Consuming high amounts of beta-carotene or other forms of provitamin A can turn the skin yellow-orange, but this condition is harmless. High intakes of beta-carotene do not cause birth defects, or the other more serious effects caused by getting too much preformed vitamin A.

Encourage participants to talk to their health care provider if they are concerned about vitamin A.


What WIC-Eligible Foods Provide Vitamin A?

A number of WIC-eligible foods contain vitamin A, though not all foods may be available in every State, US Territory, or Indian Tribal Organization due to the flexibility they have in selecting foods for their WIC food packages. Among the WIC-eligible foods that provide vitamin A are:

  • Orange, yellow and red fruits and vegetables
  • Dark green leafy vegetables
  • Milk and milk products, as well as some milk substitution options:
      • Soy beverage
      • Yogurt
  • Fortified breakfast cereals
  • Eggs
  • Canned fish

Food sources beyond those in the WIC food packages that have vitamin A include beef liver and other organ meats, other fish, and poultry.

"Fortified" with vitamin A means the nutrient is added because it is not naturally found in the food item.


Is Vitamin A on the Nutrition Facts Label?

It’s voluntary for manufacturers to list vitamin A on the Nutrition Facts label. If it's on the label, it’ll be listed using micrograms (mcg) of retinol activity equivalents (RAE) and % Daily Value (%DV). 
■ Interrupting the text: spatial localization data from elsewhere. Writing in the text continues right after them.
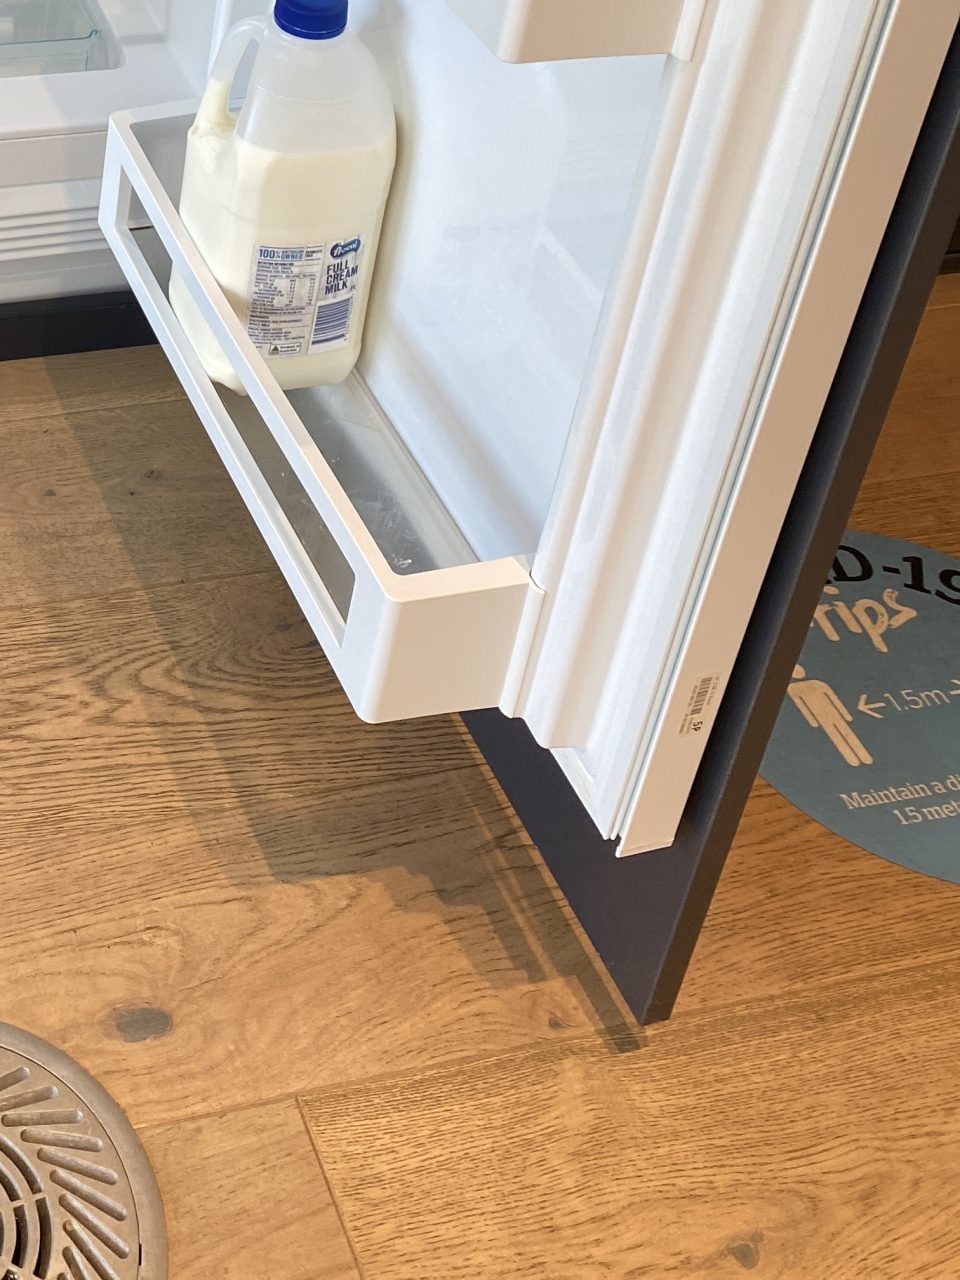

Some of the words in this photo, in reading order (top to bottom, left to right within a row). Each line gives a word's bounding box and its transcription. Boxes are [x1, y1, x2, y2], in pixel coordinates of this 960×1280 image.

[259, 249, 281, 259] 100%
[326, 259, 350, 276] FULL
[326, 264, 359, 285] CREAM
[324, 280, 348, 296] MILK
[810, 586, 917, 653] rips
[883, 689, 951, 712] 1.5m
[839, 782, 933, 810] Maintain
[930, 781, 948, 794] a
RAE is used because it will account for the bioactivity of all types of vitamin A, both retinol and provitamin A carotenoids (like beta-carotene, which is converted to retinol in the body).
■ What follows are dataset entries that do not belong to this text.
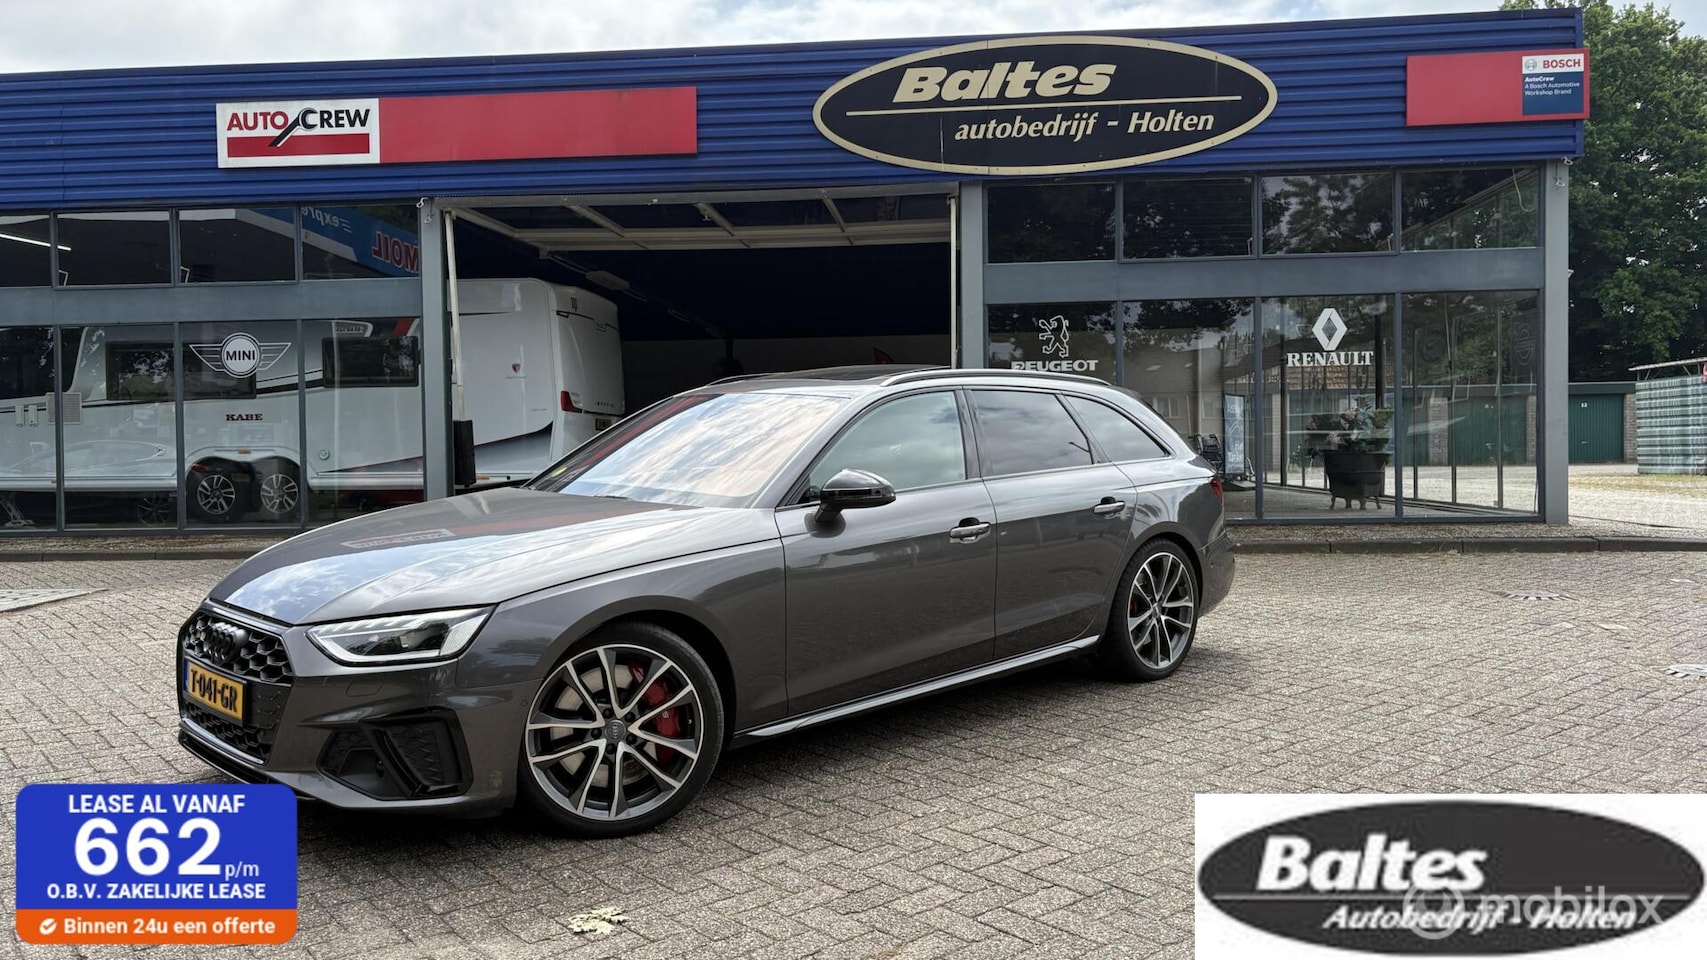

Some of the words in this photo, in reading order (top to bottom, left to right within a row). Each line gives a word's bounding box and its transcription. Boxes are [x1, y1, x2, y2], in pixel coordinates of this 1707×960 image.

[1542, 58, 1581, 69] BOSCH
[892, 61, 1117, 103] Baltes
[954, 112, 1099, 142] autobedrijf
[1127, 109, 1215, 134] Holten
[226, 350, 256, 361] MINI
[1286, 351, 1374, 367] RENAULT
[1011, 360, 1099, 371] PEUGEOT
[226, 413, 264, 422] KABE
[190, 669, 238, 713] T-041-GR
The %DV (how much a nutrient in a single serving of an individual packaged food) can be helpful to make comparisons between products (as long as serving sizes are the same) and informed choices.

Read more about the Daily Value:

Daily Value and % Daily Value

The Lows and Highs of Percent Daily Value on the new Nutrition Facts Label



Education Resources

The Nutrition Facts label fact sheets for vitamins and minerals provide action steps to eating a diet rich in vitamins and minerals in general, plus has a chart that identifies food sources and functions of each, including vitamin A.

MyPlate offers dairy, fruits, vegetables and protein foods nutrition education resources, including galleries for each of these food groups, as well as interactive resources for participants to:

  • Get a personalized MyPlate Plan (Plan MiPlato) that takes pregnancy and breastfeeding status into account.
  • Take the MyPlate Quiz to see how their eating habits stack up against recommendations and get tailored resources and a personal quiz results code to sync with the Start Simple with MyPlate app.
  • Set simple goals based on their personal needs with the Start Simple with MyPlate app. Sync results from the MyPlate Quiz for a personalized experience.  Join challenges, see progress, and earn badges to celebrate successes.
  • Shop (and save money!) with the Shop Simple with MyPlate web app to quickly find savings in the local area and discover new ways to prepare low-cost foods. Just enter the zip code to find cost-saving opportunities in the local area, including physical and online SNAP retailers and Farmer’s Markets. This app can be access via a smartphone and desktop/laptop.
  • Test their Food Group IQ with fun quizzes.
  • Hear healthy eating solutions from families via videos, and download Food Planning During the Coronavirus Pandemic (in English and Spanish).
  • Find activity sheets for kids, including bingo, coloring sheets and a food critic activity to help kids try new fruits, vegetables, or a new recipe.